Quattro anni fa con Diego morì il bambino che era in tutti noi


Il 25 novembre 2020 capitò di mercoledì. Ero per strada, stavo rientrando a casa. Improvvisamente mi arrivò un messaggio, “è morto Diego”. Appena rialzai la testa mi trovai davanti uno dei miei amici di sempre, per pura casualità. Lui, con me, aveva condiviso tutta la vita nel nome di Maradona. Lo guardai, mi guardò. La voce si spezzò prima di parlare. “Guarda qua”, gli dissi. Non parlammo più.

Quattro anni fa con Diego morì il bambino che era in tutti noi

Iniziammo a camminare verso casa, ci dividemmo quando eravamo sullo stesso marciapiede. Spalla a spalla, ancora una volta, nonostante la vita. Quella maledetta mattina il destino volle che condividessimo insieme quel momento, perché insieme avevamo iniziato a respirare l’odore del Diez.

Insieme eravamo il 25 febbraio 2013 ai piedi dell’hotel Continental con gli occhi verso il cielo aspettando di vederlo salutarci.
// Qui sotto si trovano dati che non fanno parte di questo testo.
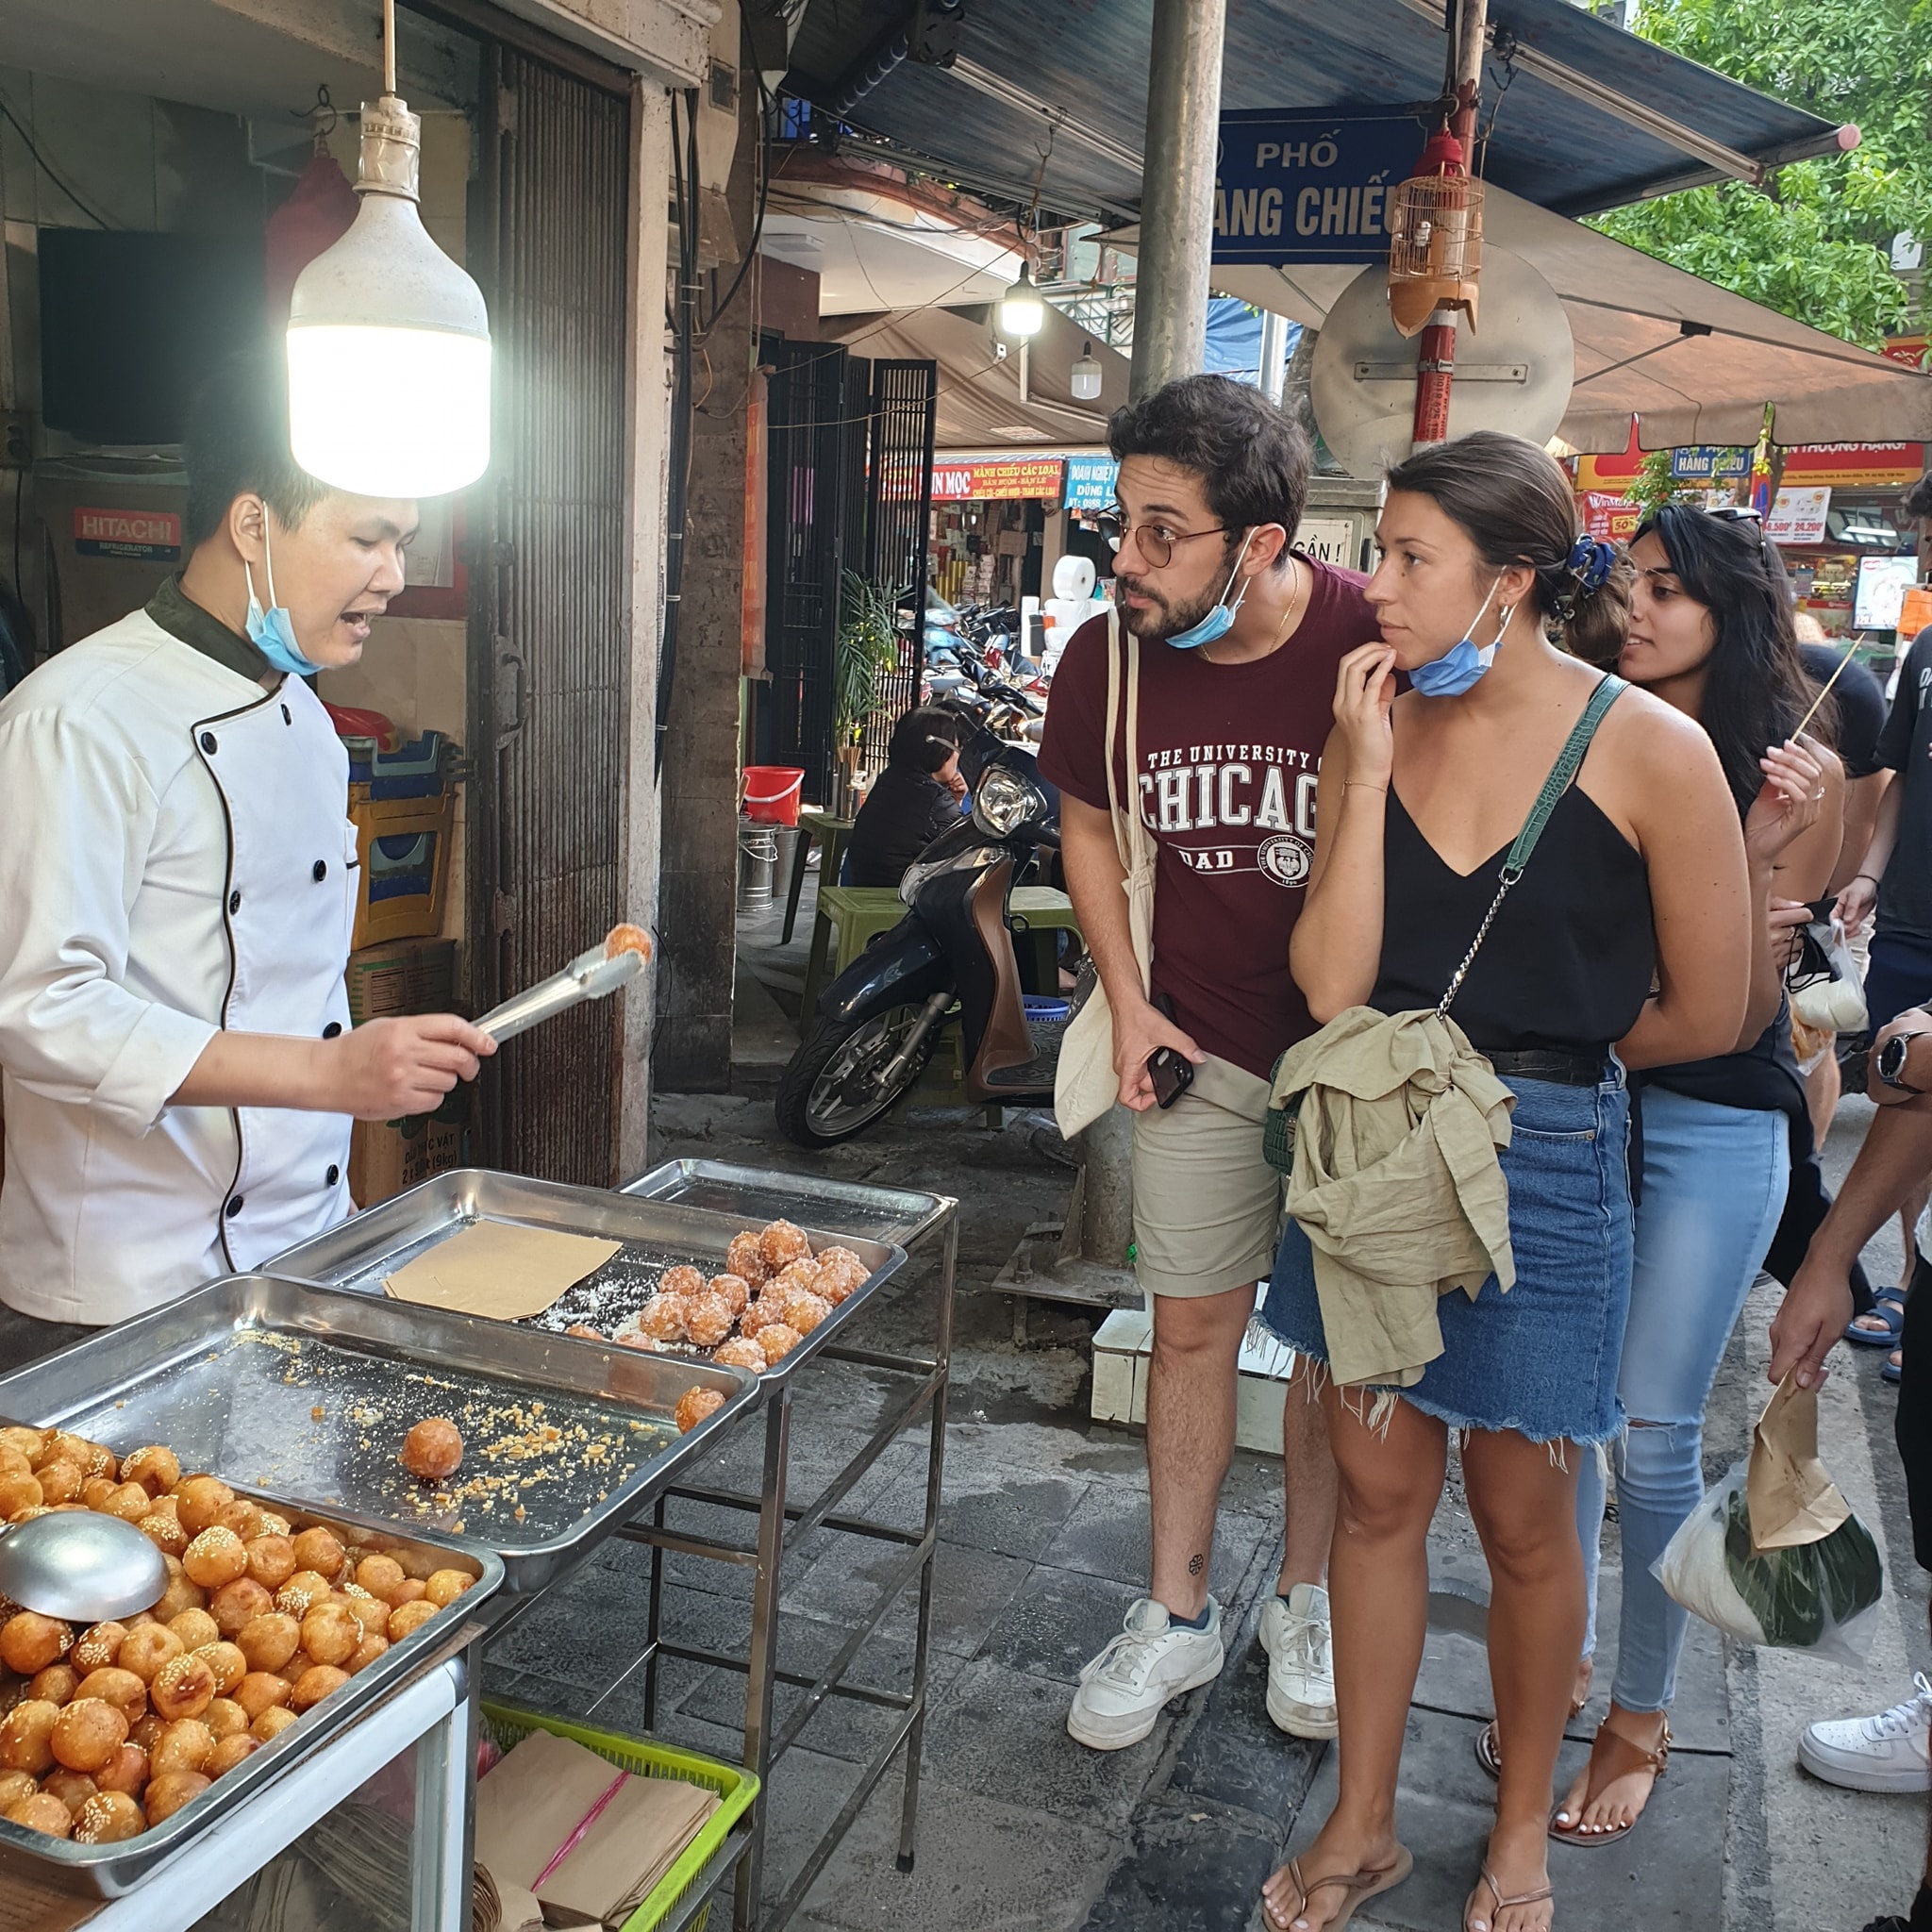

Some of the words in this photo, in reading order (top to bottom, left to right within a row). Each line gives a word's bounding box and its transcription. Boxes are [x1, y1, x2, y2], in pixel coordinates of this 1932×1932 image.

[1256, 128, 1341, 168] PHỐ
[1213, 176, 1284, 237] ÀNG
[1021, 463, 1038, 475] CÁC
[1678, 454, 1710, 472] HÀNG
[82, 515, 172, 541] HITACHI
[1147, 748, 1182, 769] THE
[1190, 744, 1310, 769] UNIVERSITY
[1138, 762, 1319, 840] CHICAG
[432, 1150, 457, 1169] (9kg)
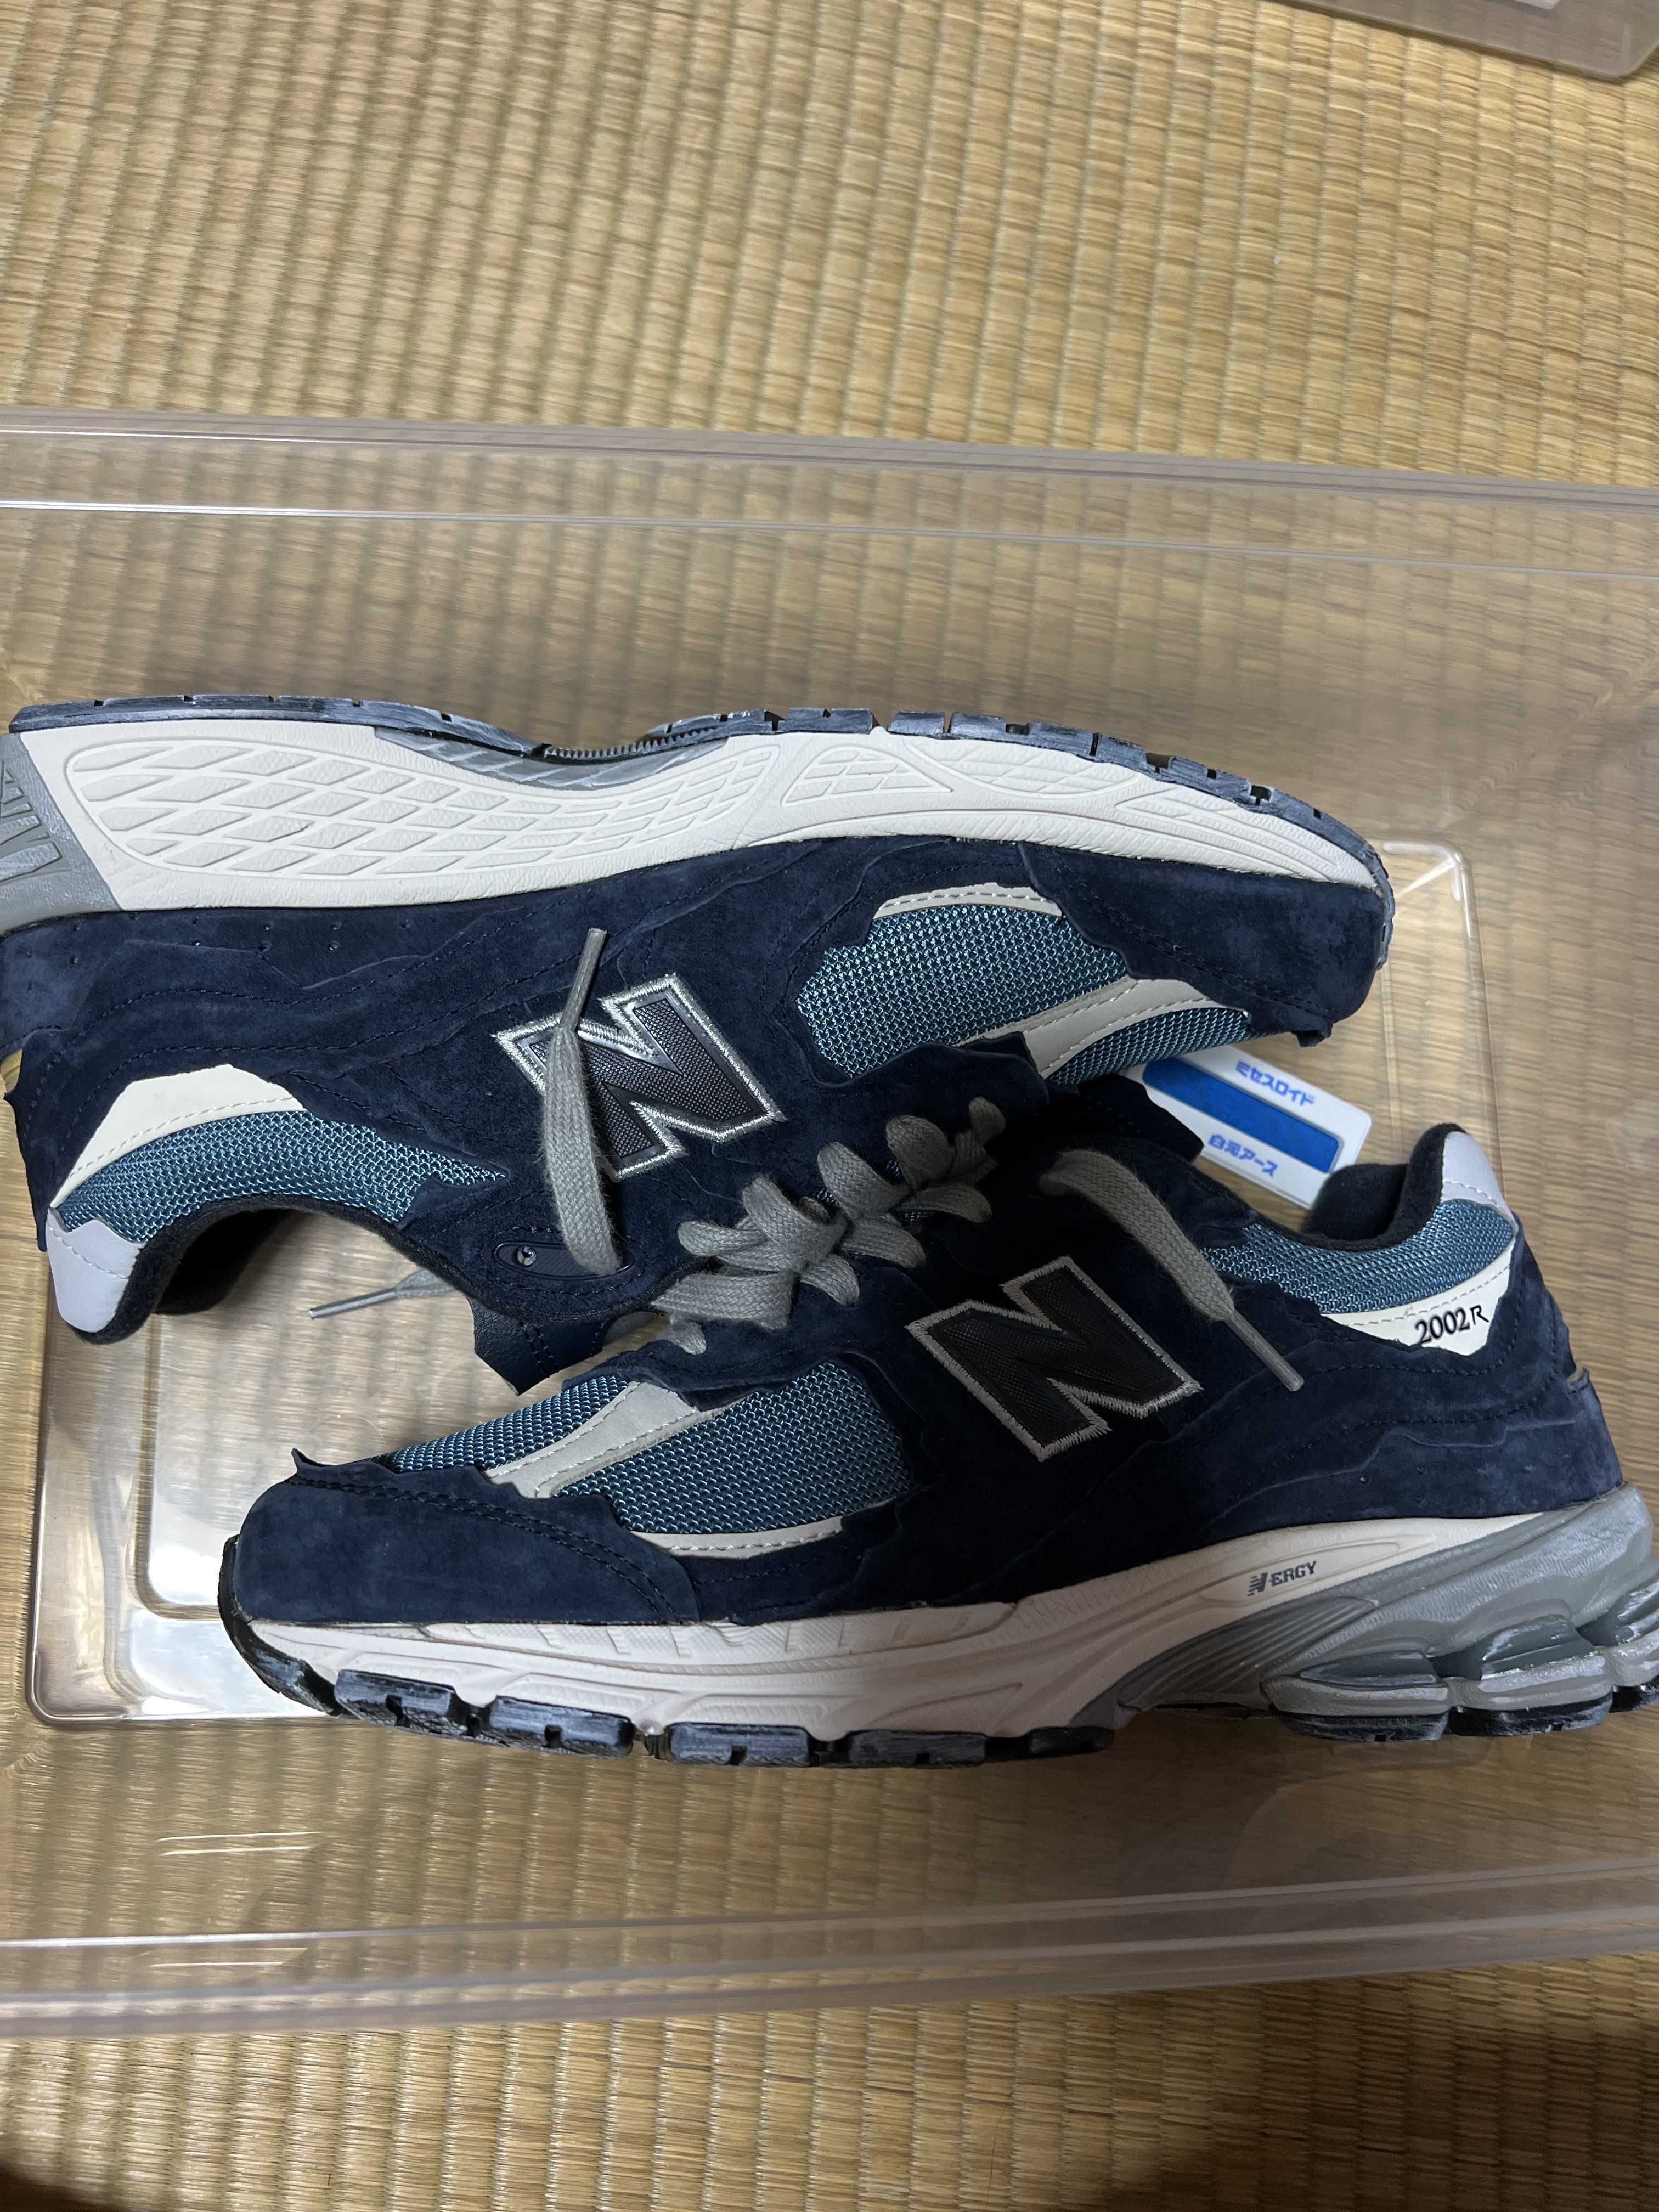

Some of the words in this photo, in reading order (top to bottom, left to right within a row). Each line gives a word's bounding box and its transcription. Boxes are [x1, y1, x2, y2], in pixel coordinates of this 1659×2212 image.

Insieme eravamo quando avevamo troppi pochi anni per farci sporcare dall’esistenza ma abbastanza per scendere di casa all’alba con un pallone sotto il braccio e andare a rovinarci le ginocchia sull’asfalto rincorrendo il sogno.

Quel 25 novembre 2020 piangemmo tanto. Come lo facemmo il 26, il 27, il 28 e per tanti giorni a venire. Improvvisamente imperversava dentro un senso di vuoto a tratti inspiegabile, infantile, immotivato. Con Diego, quel giorno, morì il bambino che era in noi.

Quello che si era innamorato della vita perché la immaginava come un enorme stadio. E le saracinesche ritornarono ad essere saracinesche e non più porte, gli spiazzali tornarono ad essere spiazzali e non più rettangoli di gioco. Ma la pelota no, non si trasformò. La pelota rimase pelota. Da sola, amara, con il cuore sanguinante. Però eterna, senza macchie. Come voleva lui.